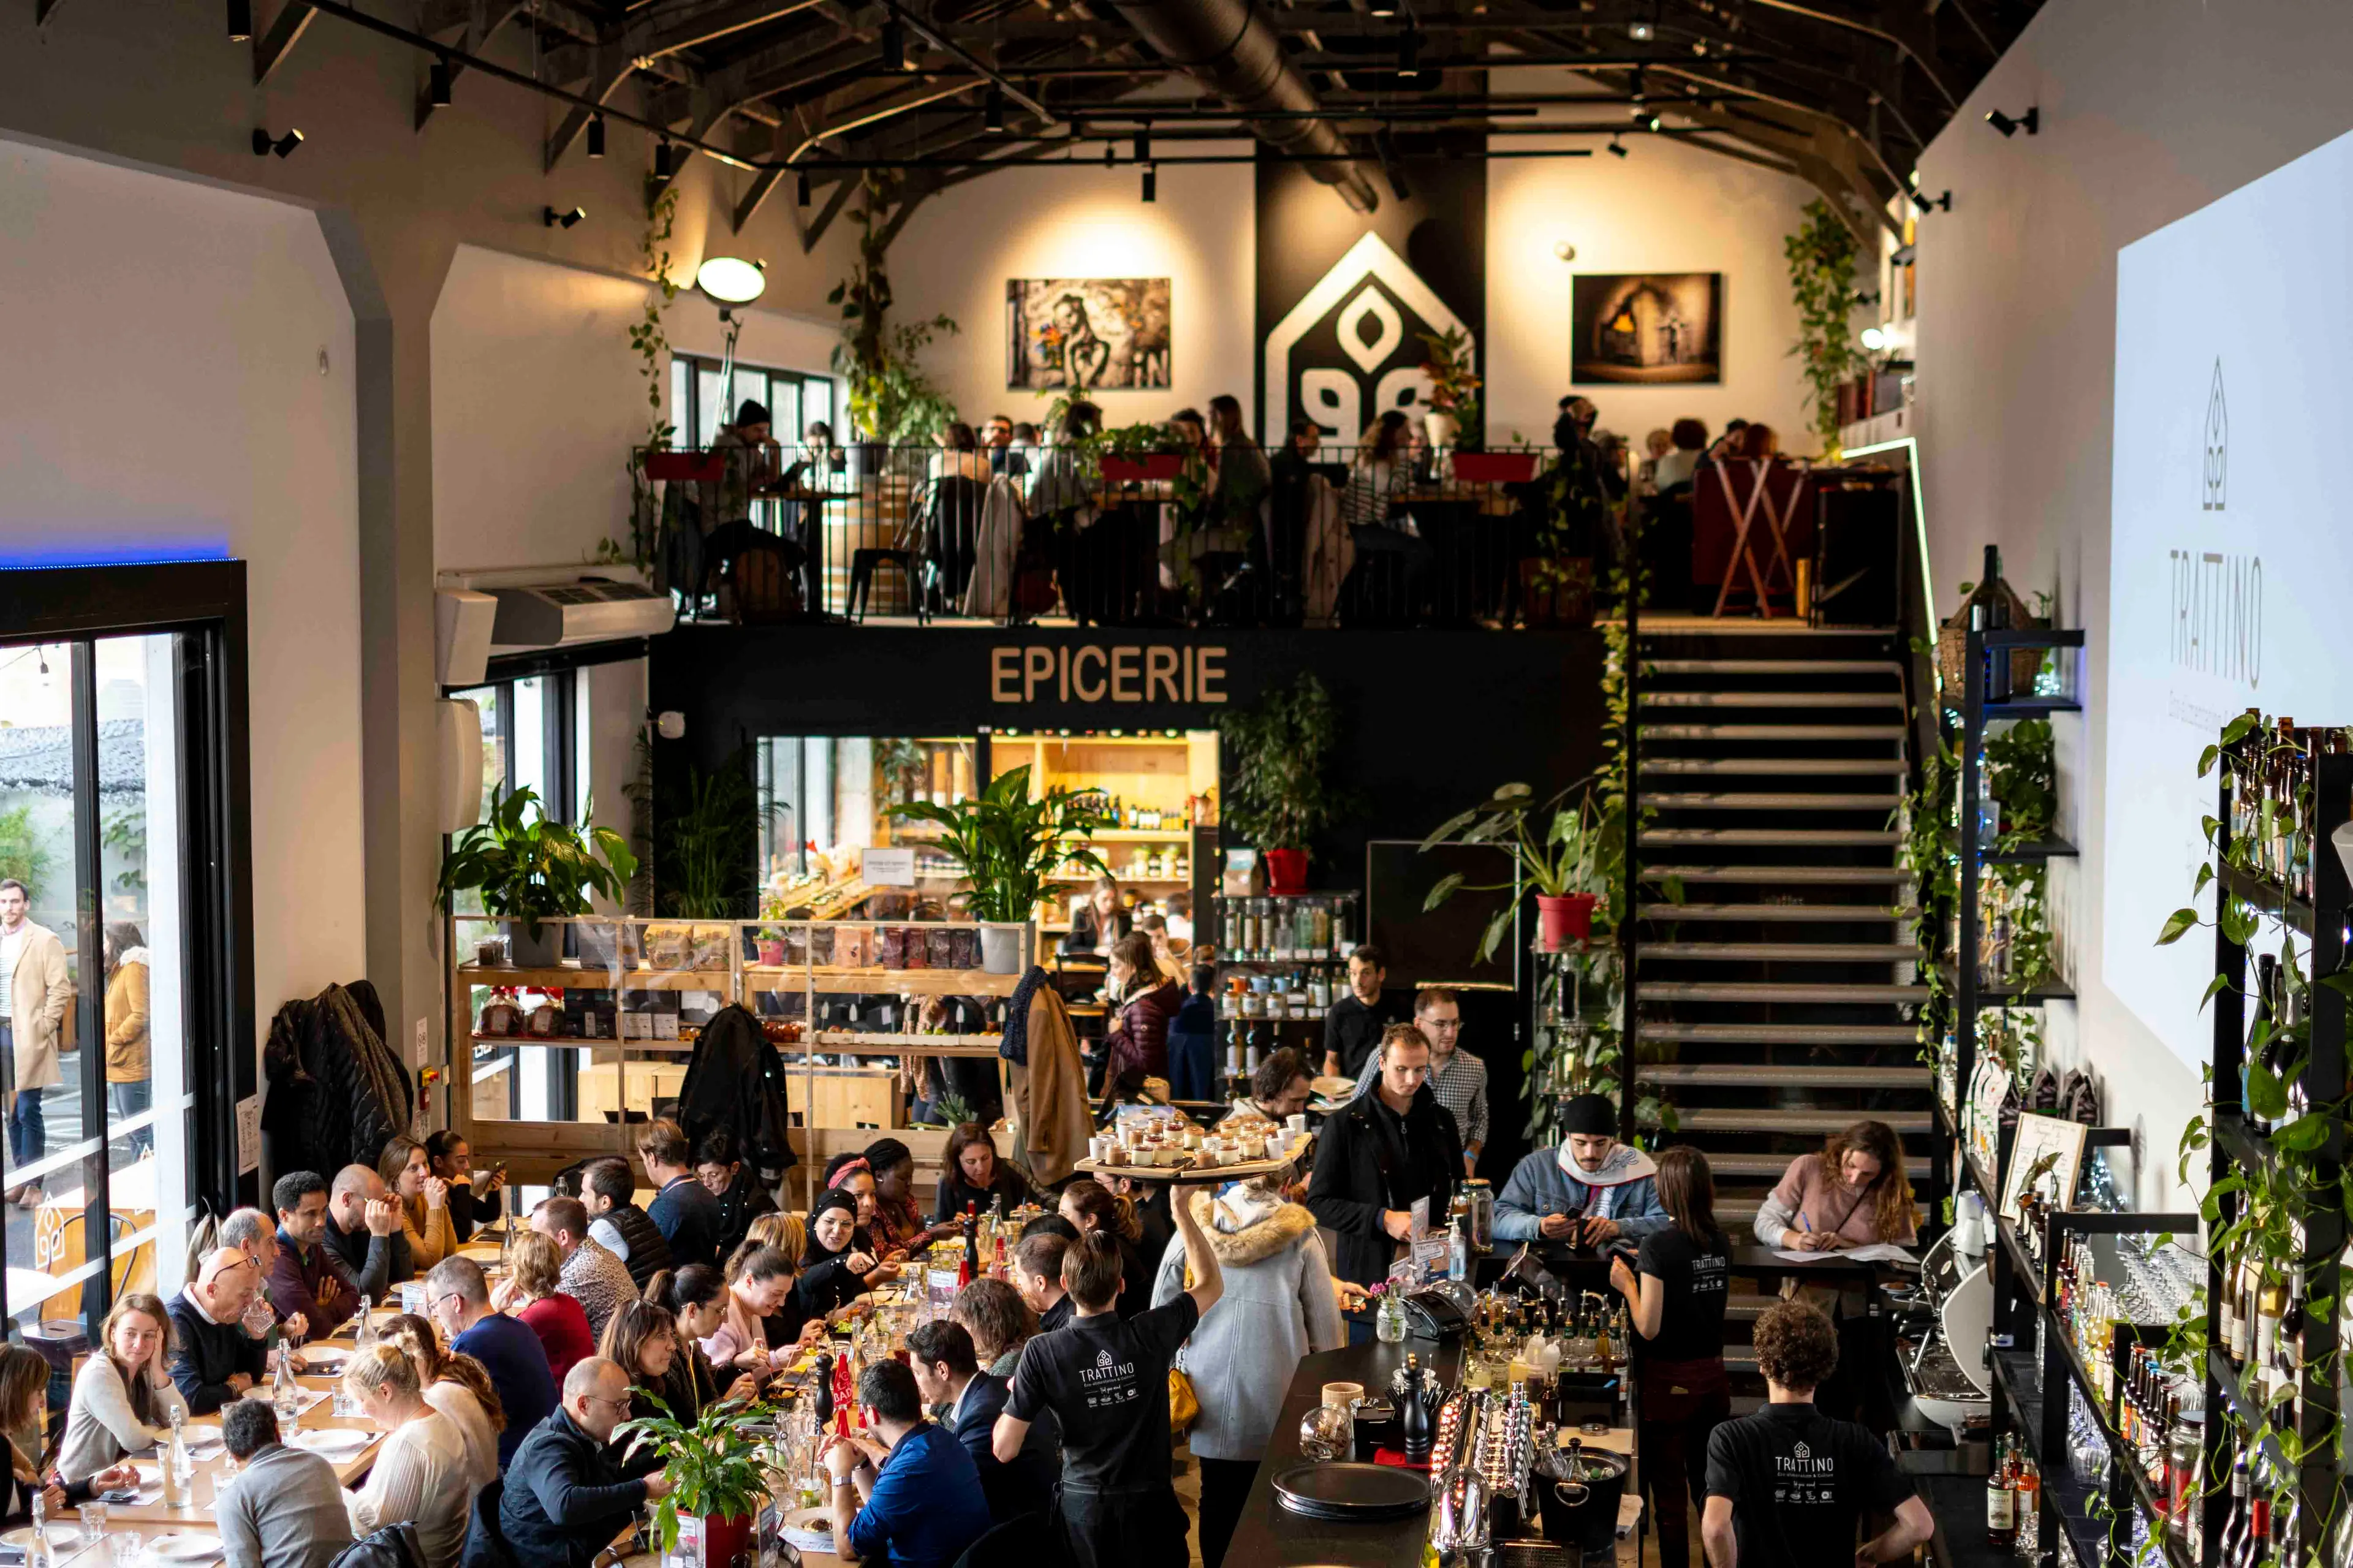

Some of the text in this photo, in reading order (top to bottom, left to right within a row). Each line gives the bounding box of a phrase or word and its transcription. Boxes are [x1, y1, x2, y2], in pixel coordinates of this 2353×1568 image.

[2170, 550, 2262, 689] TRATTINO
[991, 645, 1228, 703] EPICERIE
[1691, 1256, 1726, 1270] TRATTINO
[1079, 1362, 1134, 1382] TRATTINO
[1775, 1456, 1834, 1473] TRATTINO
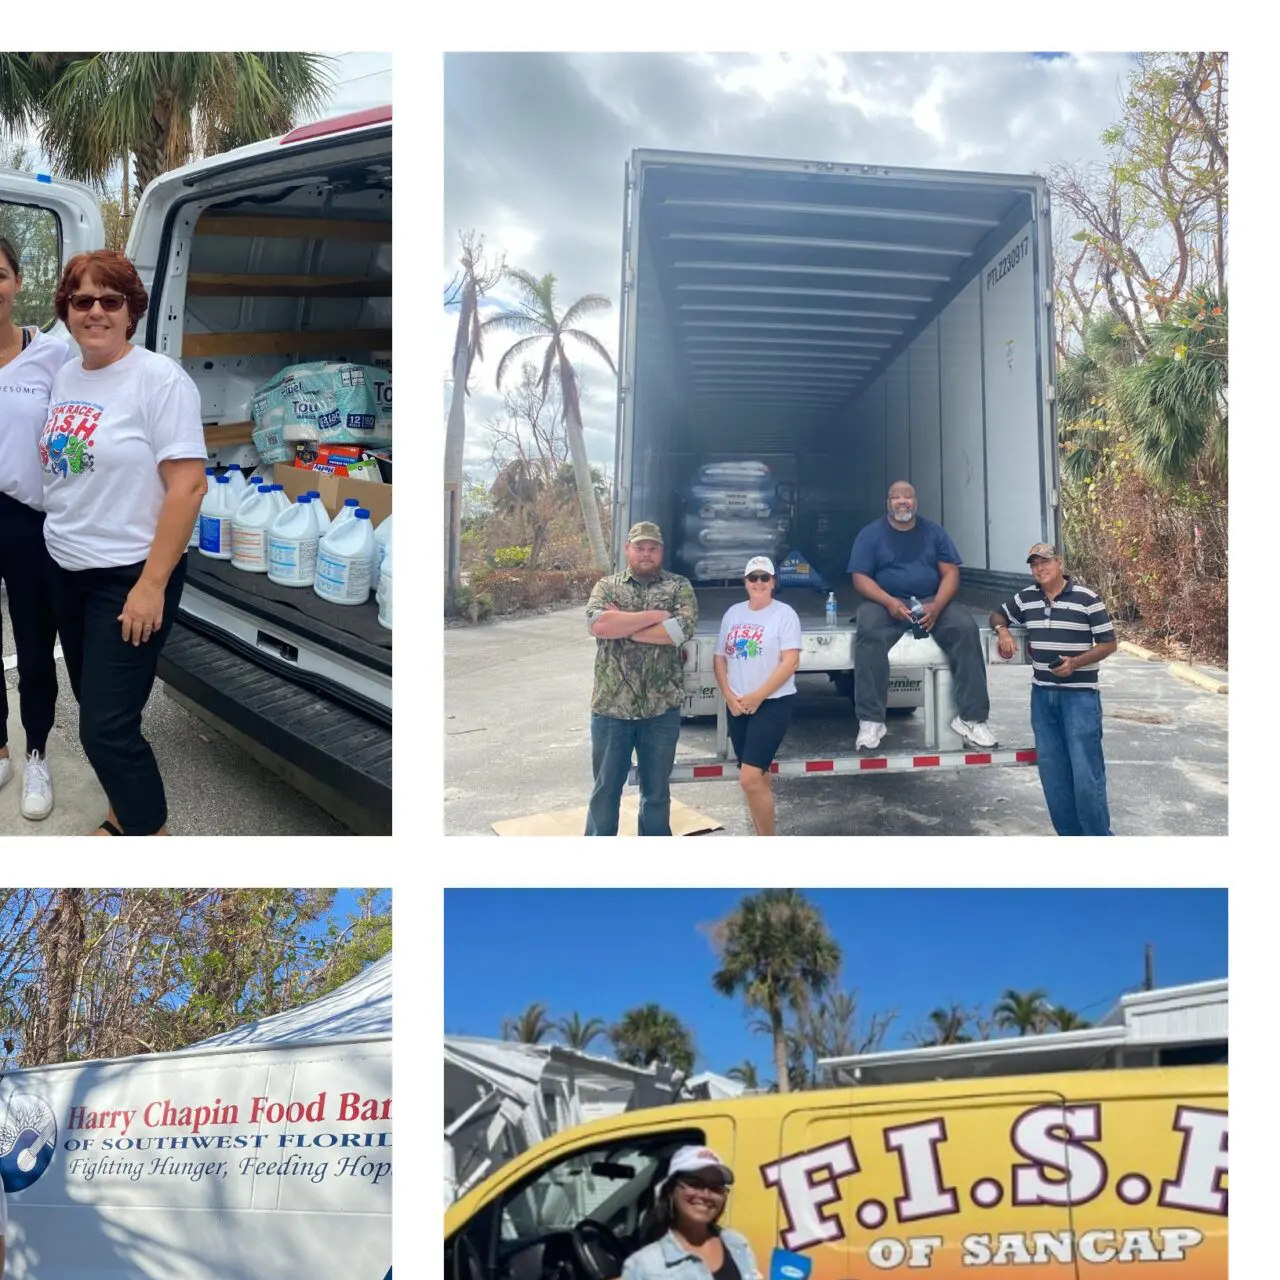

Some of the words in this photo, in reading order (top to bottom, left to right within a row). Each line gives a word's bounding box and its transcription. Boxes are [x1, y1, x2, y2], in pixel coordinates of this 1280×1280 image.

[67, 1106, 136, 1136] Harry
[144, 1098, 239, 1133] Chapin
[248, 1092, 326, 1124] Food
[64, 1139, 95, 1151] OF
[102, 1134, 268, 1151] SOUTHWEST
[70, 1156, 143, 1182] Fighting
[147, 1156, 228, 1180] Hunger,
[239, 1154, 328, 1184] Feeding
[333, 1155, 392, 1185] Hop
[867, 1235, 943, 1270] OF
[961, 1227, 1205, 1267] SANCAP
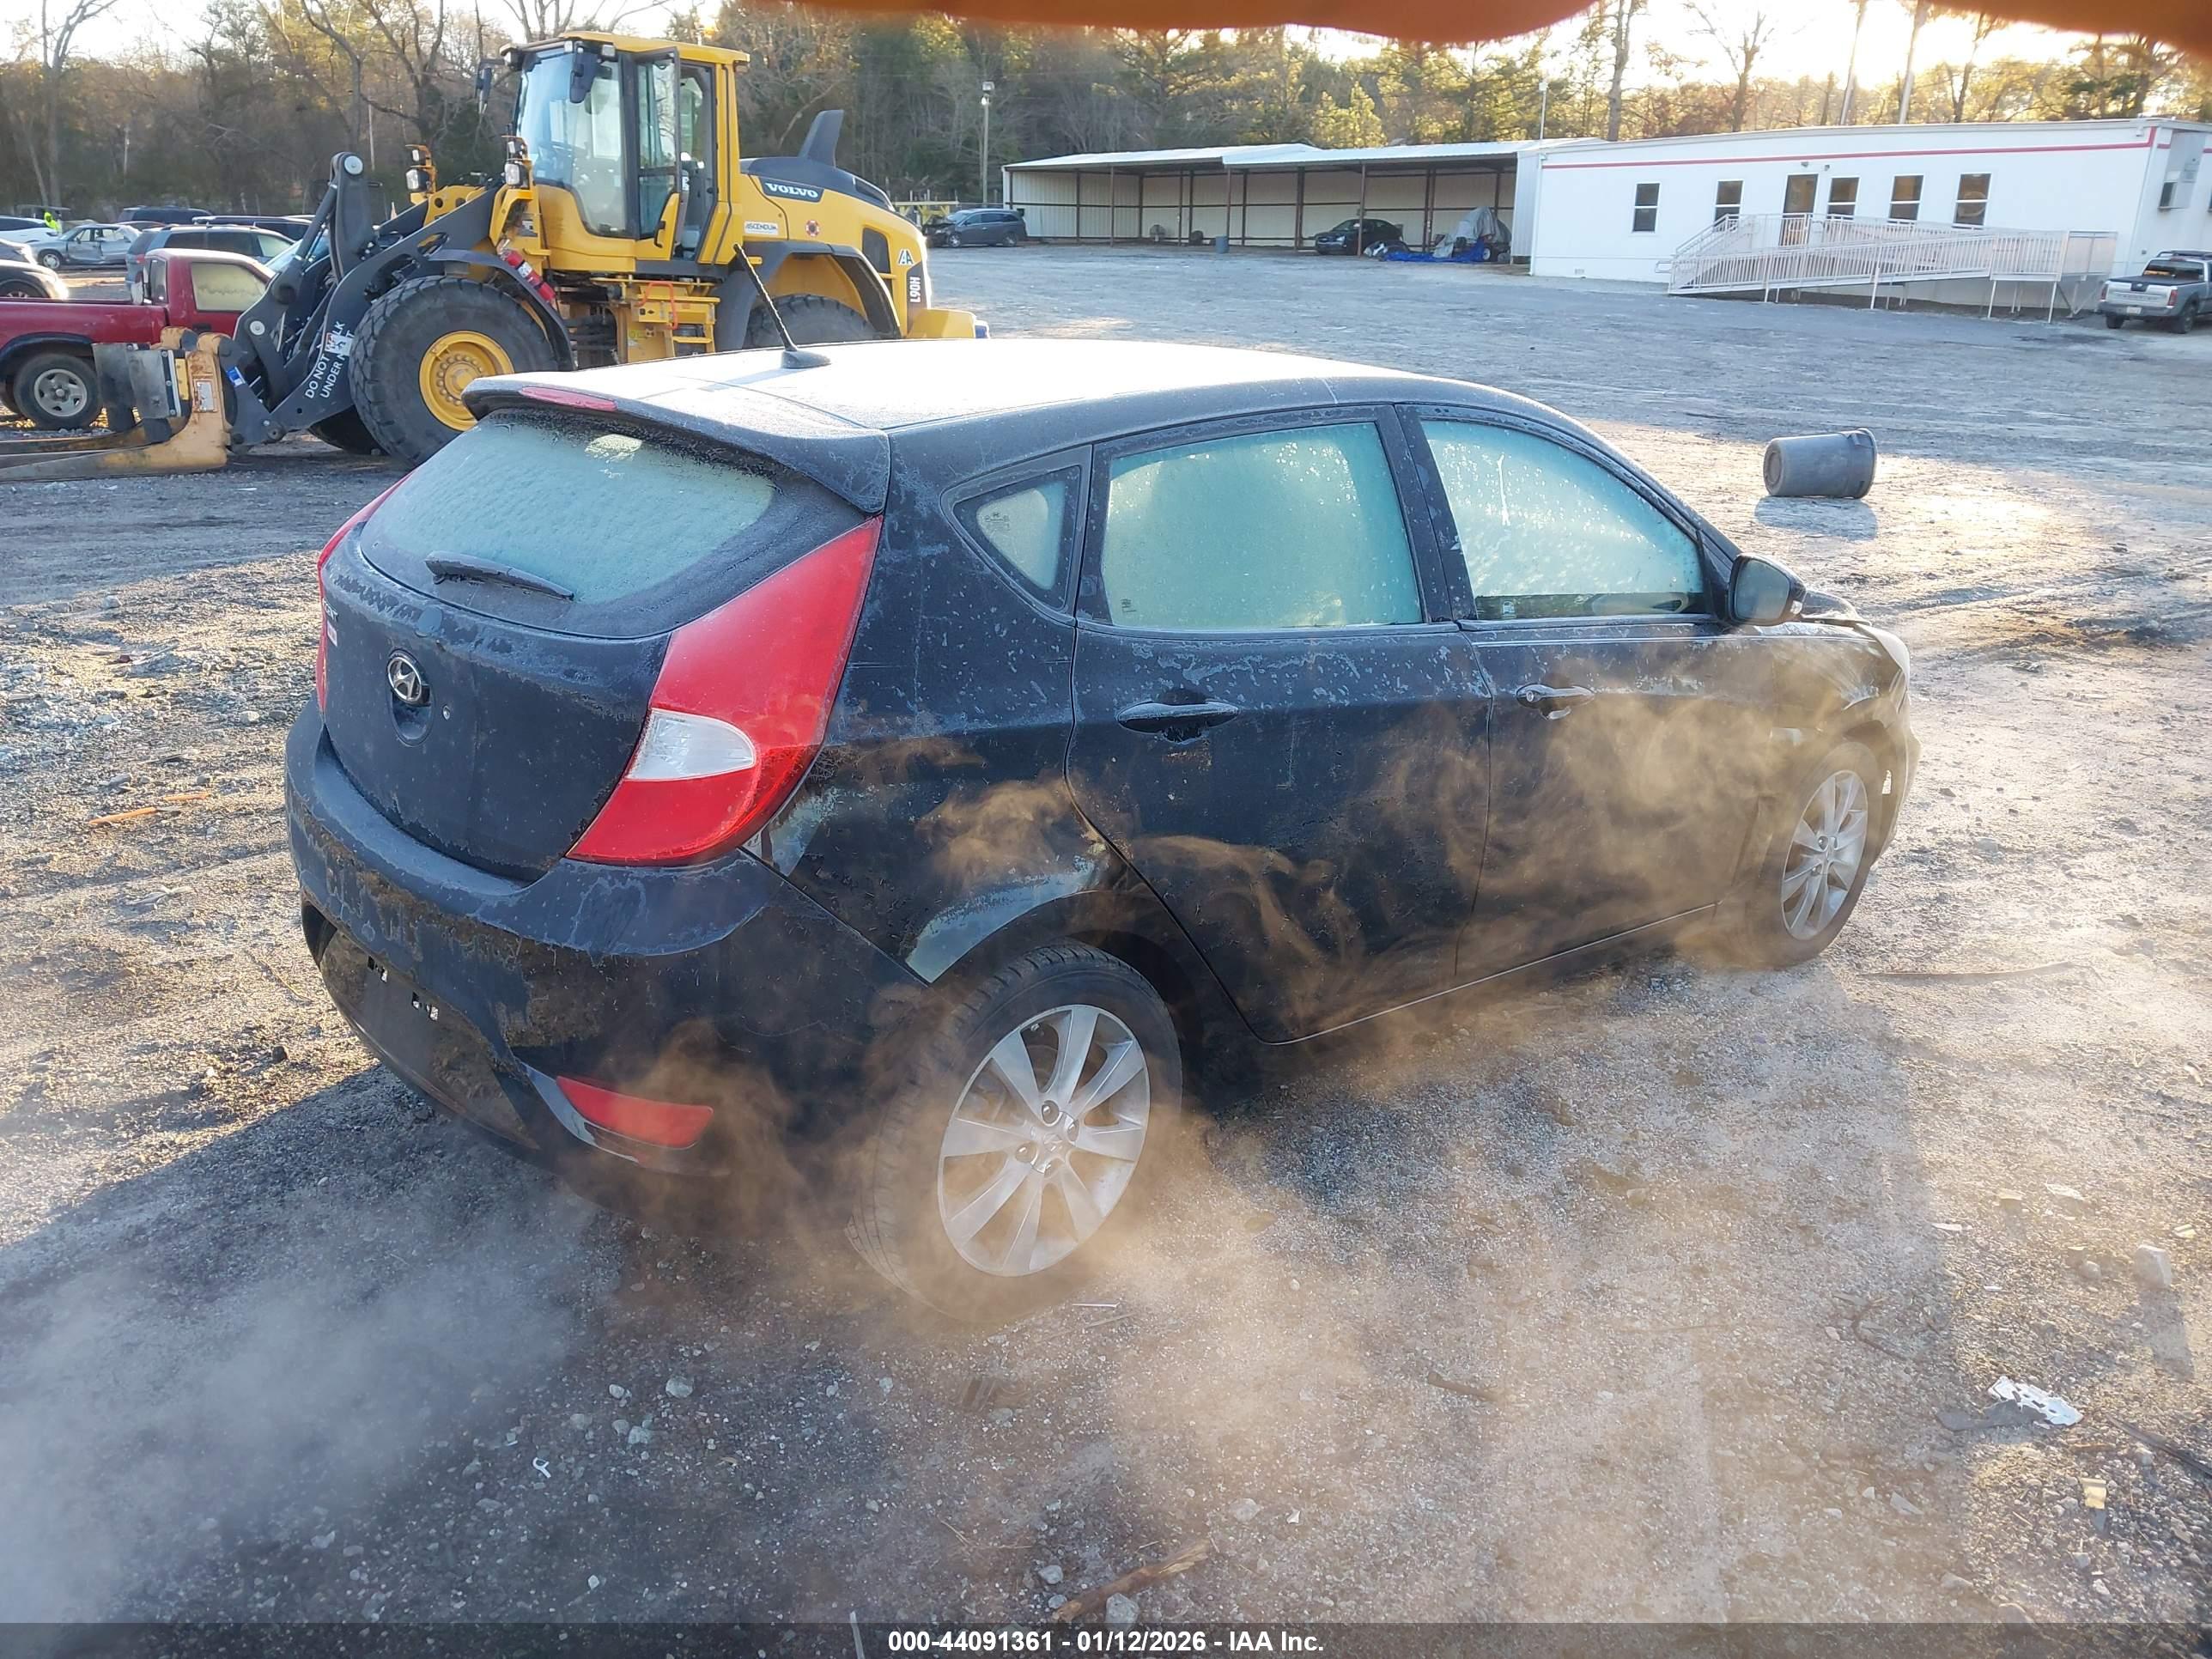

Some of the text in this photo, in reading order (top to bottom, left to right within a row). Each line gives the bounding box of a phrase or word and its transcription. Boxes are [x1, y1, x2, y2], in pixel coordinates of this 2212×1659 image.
--
(Work item) Pictures are to be excluded; all other material must be transcribed exactly.

(Result below)
Some of the text in this photo, in reading order (top to bottom, left to right within a row). Each line gives the bounding box of a phrase or word and its transcription. Boxes are [x1, y1, x2, y2], in pixel coordinates of this 2353×1568 image.

[2170, 550, 2262, 689] TRATTINO
[991, 645, 1228, 703] EPICERIE
[1691, 1256, 1726, 1270] TRATTINO
[1079, 1362, 1134, 1382] TRATTINO
[1775, 1456, 1834, 1473] TRATTINO

Some of the words in this photo, in reading order (top to bottom, left to right within a row). Each line gives a word's bounding box and its transcription. Boxes are [x1, y1, x2, y2], in pixel coordinates of this 1280×1280 image.

[67, 1106, 136, 1136] Harry
[144, 1098, 239, 1133] Chapin
[248, 1092, 326, 1124] Food
[64, 1139, 95, 1151] OF
[102, 1134, 268, 1151] SOUTHWEST
[70, 1156, 143, 1182] Fighting
[147, 1156, 228, 1180] Hunger,
[239, 1154, 328, 1184] Feeding
[333, 1155, 392, 1185] Hop
[867, 1235, 943, 1270] OF
[961, 1227, 1205, 1267] SANCAP

Some of the text in this photo, in reading order (top to bottom, left to right within a row). Each line gives the bounding box of a phrase or word and its transcription. Boxes are [x1, y1, x2, y2], in pixel coordinates of this 2212×1659 image.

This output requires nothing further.